Sometimes you have moments that are sobering.
For example: this morning, while browsing Twitter, as I am wont to do in the mornings, I came across someone posting a pain scale. This one was slightly different to what I get to use at my rheumatologists’s, which is just a little sliding scale thing from “Hey, I’m okay” to “Kill me now” (I may exaggerate slightly on those labels).
Anyway, on that little sliding scale I usually put my daily pain levels at somewhere in the middle. Because, yanno, it’s there, but mostly I just ignore it and get on with everything. Sometimes its worse, and I head to the painkillers. For the record, it’s usually back pain (SI joint mostly) and headaches that have be running for the pills.
Also – Running for the Pills is totally my new band name.
Ahem. This pain scale was slightly different to what I’m used to:
So, on my rheumatologist’s sliding scale, I usually place my regular amount of pain somewhere in the middle, around a 5. But looking at this, and the activity tolerance scale, I’m actually usually at a 7-8 on a daily basis. That kind of stopped me in my tracks.
I know that there are probably people who would say that these kinds of pain scales aren’t that useful for chronic pain, and maybe they’re not. It’s certainly true that I’ve gotten used to being in some kind of pain pretty much all the time. Right now, most of that pain is fibro related, since it’s cold this morning, which always triggers at least a mild fibro flare. That will improve as the day gets warmer and I move around more.
These days I put a lot of effort into appearing functional, despite the pain. I get up, I shower, do my hair, put on makeup. I try not to talk about it much in real life. I don’t need a cane to walk any more. I can stand on public transport if I need to. I go out walking, I lift my kid up when he needs it (which is a bit, since he’s a huge cuddler). But it’s still there.
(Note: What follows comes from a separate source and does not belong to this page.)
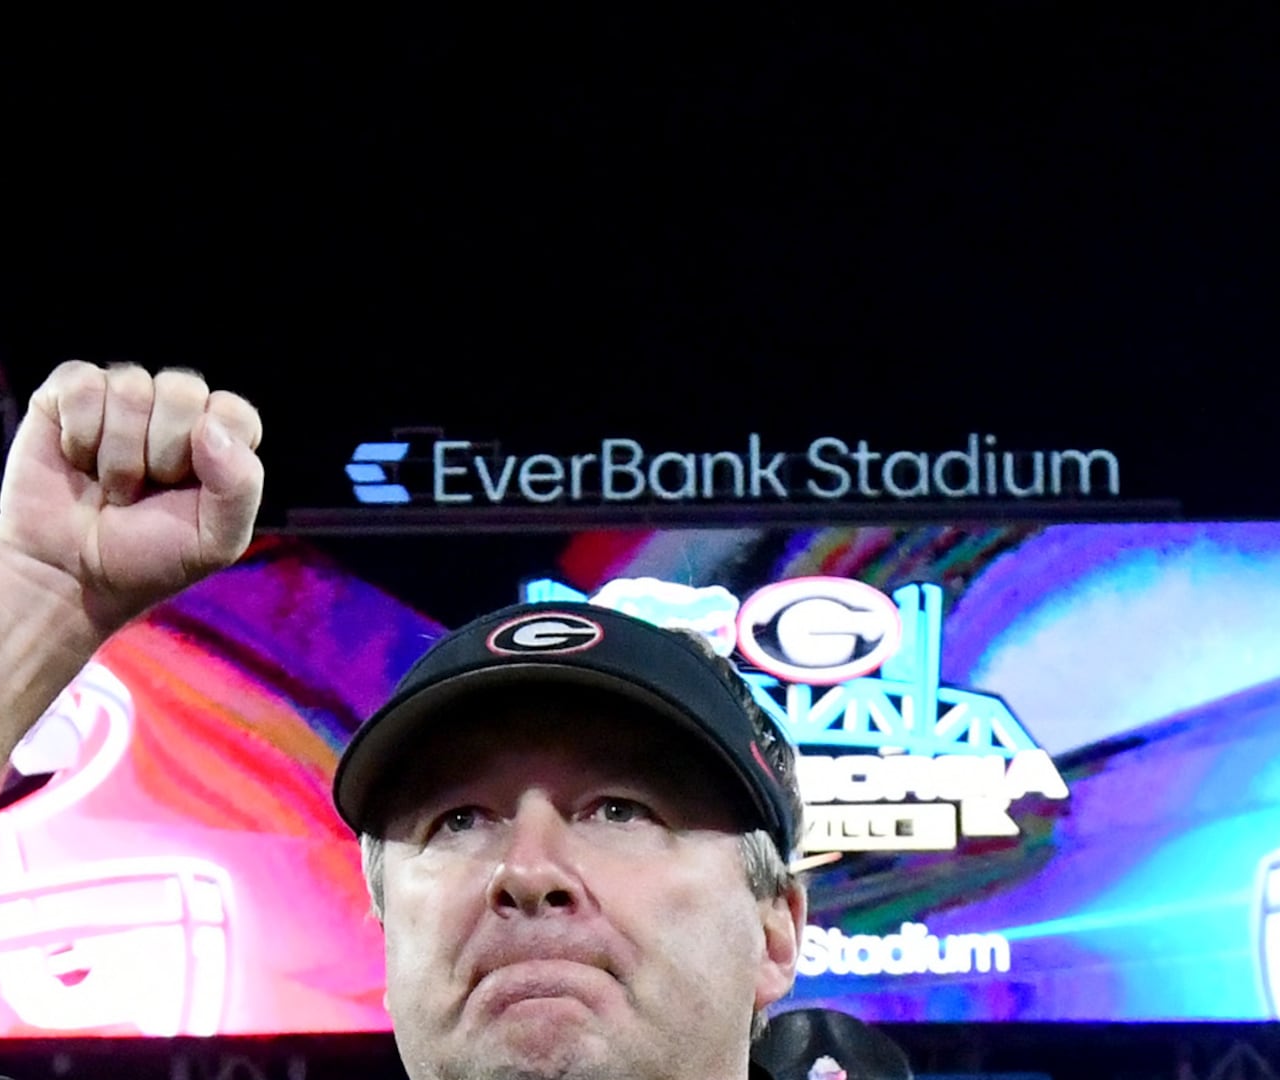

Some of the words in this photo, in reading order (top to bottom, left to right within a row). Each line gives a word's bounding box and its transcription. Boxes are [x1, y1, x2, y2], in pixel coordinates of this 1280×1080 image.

And still, I know that there a lot of people who have a lot more, a hell of a lot more, to deal with. I am acutely aware of the privilege I have. I don’t have to work, because I have a wonderful spouse who supports me financially. I choose to work on writing, and I am mostly able to pursue this because of family support giving me childcare. I have access to the medical care I need and can afford to see specialists and get tests done. I don’t have to worry about affording medication. I am so, so, lucky, and I know it. Hell, I even got to have a kid, which a lot of people don’t get, especially those with chronic illness.
Still, it kind of sucks, and sometimes I need to say that. And then I get up, and just get on with things. There’s a lot to be done, even with pain.